_Extracted data_
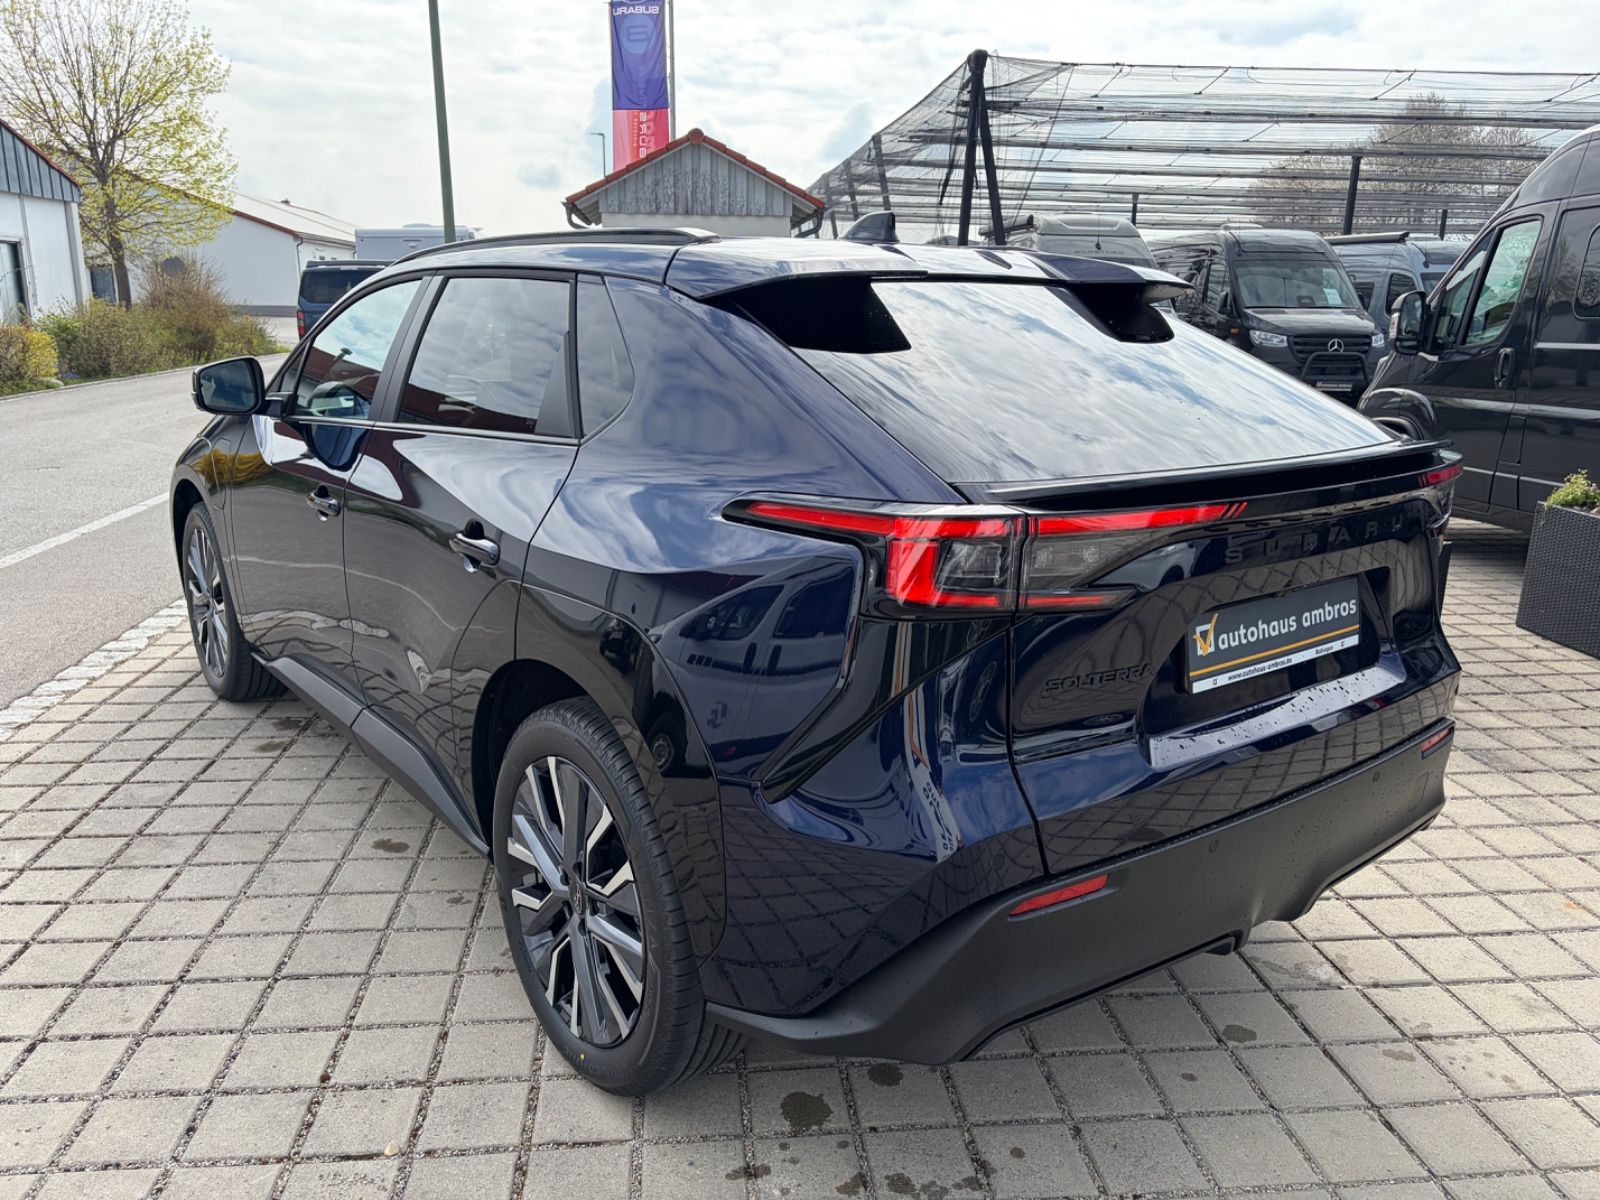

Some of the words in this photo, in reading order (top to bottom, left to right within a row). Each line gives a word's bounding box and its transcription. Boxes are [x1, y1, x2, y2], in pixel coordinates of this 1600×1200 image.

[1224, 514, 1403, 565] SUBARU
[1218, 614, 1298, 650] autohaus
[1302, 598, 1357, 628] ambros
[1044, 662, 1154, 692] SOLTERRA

_What you have to do_
Your output must match the records word for word, apart from the images, which are left out.

_Task solution_
Some of the words in this photo, in reading order (top to bottom, left to right within a row). Each line gives a word's bounding box and its transcription. Boxes are [x1, y1, x2, y2], in pixel coordinates of this 1600×1200 image.

[1224, 514, 1403, 565] SUBARU
[1218, 614, 1298, 650] autohaus
[1302, 598, 1357, 628] ambros
[1044, 662, 1154, 692] SOLTERRA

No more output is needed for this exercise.